WHAT YOU SHOULD DO: Write out all of the entries below word for word.

[Start of Attachment]

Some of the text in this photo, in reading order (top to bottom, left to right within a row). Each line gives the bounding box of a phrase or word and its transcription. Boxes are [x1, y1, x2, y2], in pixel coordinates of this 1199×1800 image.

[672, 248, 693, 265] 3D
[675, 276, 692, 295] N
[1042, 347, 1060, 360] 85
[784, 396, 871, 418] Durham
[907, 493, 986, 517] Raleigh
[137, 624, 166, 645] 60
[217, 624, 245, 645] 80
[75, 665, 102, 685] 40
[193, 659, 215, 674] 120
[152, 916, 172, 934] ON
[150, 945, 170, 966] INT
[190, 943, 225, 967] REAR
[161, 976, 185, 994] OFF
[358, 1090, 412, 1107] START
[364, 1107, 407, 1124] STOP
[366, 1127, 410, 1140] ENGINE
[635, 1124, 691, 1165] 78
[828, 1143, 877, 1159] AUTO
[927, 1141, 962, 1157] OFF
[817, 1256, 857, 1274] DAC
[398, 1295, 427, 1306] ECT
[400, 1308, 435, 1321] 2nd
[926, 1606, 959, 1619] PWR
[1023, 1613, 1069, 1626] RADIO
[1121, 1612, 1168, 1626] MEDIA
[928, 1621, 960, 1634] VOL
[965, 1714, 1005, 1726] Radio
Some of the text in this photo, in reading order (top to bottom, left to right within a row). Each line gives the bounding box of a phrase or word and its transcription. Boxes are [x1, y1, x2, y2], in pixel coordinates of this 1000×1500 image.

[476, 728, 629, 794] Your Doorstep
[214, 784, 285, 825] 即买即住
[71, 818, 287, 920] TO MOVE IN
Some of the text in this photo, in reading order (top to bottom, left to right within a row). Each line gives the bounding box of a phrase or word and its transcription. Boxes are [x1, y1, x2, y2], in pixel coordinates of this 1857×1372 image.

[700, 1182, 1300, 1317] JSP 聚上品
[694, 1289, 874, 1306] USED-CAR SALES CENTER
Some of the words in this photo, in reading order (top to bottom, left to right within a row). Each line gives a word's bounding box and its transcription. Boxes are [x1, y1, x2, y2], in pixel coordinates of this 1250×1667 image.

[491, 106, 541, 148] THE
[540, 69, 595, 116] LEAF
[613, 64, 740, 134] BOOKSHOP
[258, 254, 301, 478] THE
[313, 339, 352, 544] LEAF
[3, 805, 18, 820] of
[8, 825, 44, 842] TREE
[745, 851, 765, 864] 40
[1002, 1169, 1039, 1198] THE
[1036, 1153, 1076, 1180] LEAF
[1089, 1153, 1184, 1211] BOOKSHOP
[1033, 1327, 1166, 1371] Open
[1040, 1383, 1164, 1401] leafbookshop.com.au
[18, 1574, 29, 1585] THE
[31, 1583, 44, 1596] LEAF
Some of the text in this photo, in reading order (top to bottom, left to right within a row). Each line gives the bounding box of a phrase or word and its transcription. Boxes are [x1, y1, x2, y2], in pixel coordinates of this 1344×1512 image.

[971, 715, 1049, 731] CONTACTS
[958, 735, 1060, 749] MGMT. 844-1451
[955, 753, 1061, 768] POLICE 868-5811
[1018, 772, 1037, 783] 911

[End of Attachment]

RESPONSE FOR THIS EXERCISE:
Some of the text in this photo, in reading order (top to bottom, left to right within a row). Each line gives the bounding box of a phrase or word and its transcription. Boxes are [x1, y1, x2, y2], in pixel coordinates of this 1199×1800 image.

[672, 248, 693, 265] 3D
[675, 276, 692, 295] N
[1042, 347, 1060, 360] 85
[784, 396, 871, 418] Durham
[907, 493, 986, 517] Raleigh
[137, 624, 166, 645] 60
[217, 624, 245, 645] 80
[75, 665, 102, 685] 40
[193, 659, 215, 674] 120
[152, 916, 172, 934] ON
[150, 945, 170, 966] INT
[190, 943, 225, 967] REAR
[161, 976, 185, 994] OFF
[358, 1090, 412, 1107] START
[364, 1107, 407, 1124] STOP
[366, 1127, 410, 1140] ENGINE
[635, 1124, 691, 1165] 78
[828, 1143, 877, 1159] AUTO
[927, 1141, 962, 1157] OFF
[817, 1256, 857, 1274] DAC
[398, 1295, 427, 1306] ECT
[400, 1308, 435, 1321] 2nd
[926, 1606, 959, 1619] PWR
[1023, 1613, 1069, 1626] RADIO
[1121, 1612, 1168, 1626] MEDIA
[928, 1621, 960, 1634] VOL
[965, 1714, 1005, 1726] Radio
Some of the text in this photo, in reading order (top to bottom, left to right within a row). Each line gives the bounding box of a phrase or word and its transcription. Boxes are [x1, y1, x2, y2], in pixel coordinates of this 1000×1500 image.

[476, 728, 629, 794] Your Doorstep
[214, 784, 285, 825] 即买即住
[71, 818, 287, 920] TO MOVE IN
Some of the text in this photo, in reading order (top to bottom, left to right within a row). Each line gives the bounding box of a phrase or word and its transcription. Boxes are [x1, y1, x2, y2], in pixel coordinates of this 1857×1372 image.

[700, 1182, 1300, 1317] JSP 聚上品
[694, 1289, 874, 1306] USED-CAR SALES CENTER
Some of the words in this photo, in reading order (top to bottom, left to right within a row). Each line gives a word's bounding box and its transcription. Boxes are [x1, y1, x2, y2], in pixel coordinates of this 1250×1667 image.

[491, 106, 541, 148] THE
[540, 69, 595, 116] LEAF
[613, 64, 740, 134] BOOKSHOP
[258, 254, 301, 478] THE
[313, 339, 352, 544] LEAF
[3, 805, 18, 820] of
[8, 825, 44, 842] TREE
[745, 851, 765, 864] 40
[1002, 1169, 1039, 1198] THE
[1036, 1153, 1076, 1180] LEAF
[1089, 1153, 1184, 1211] BOOKSHOP
[1033, 1327, 1166, 1371] Open
[1040, 1383, 1164, 1401] leafbookshop.com.au
[18, 1574, 29, 1585] THE
[31, 1583, 44, 1596] LEAF
Some of the text in this photo, in reading order (top to bottom, left to right within a row). Each line gives the bounding box of a phrase or word and its transcription. Boxes are [x1, y1, x2, y2], in pixel coordinates of this 1344×1512 image.

[971, 715, 1049, 731] CONTACTS
[958, 735, 1060, 749] MGMT. 844-1451
[955, 753, 1061, 768] POLICE 868-5811
[1018, 772, 1037, 783] 911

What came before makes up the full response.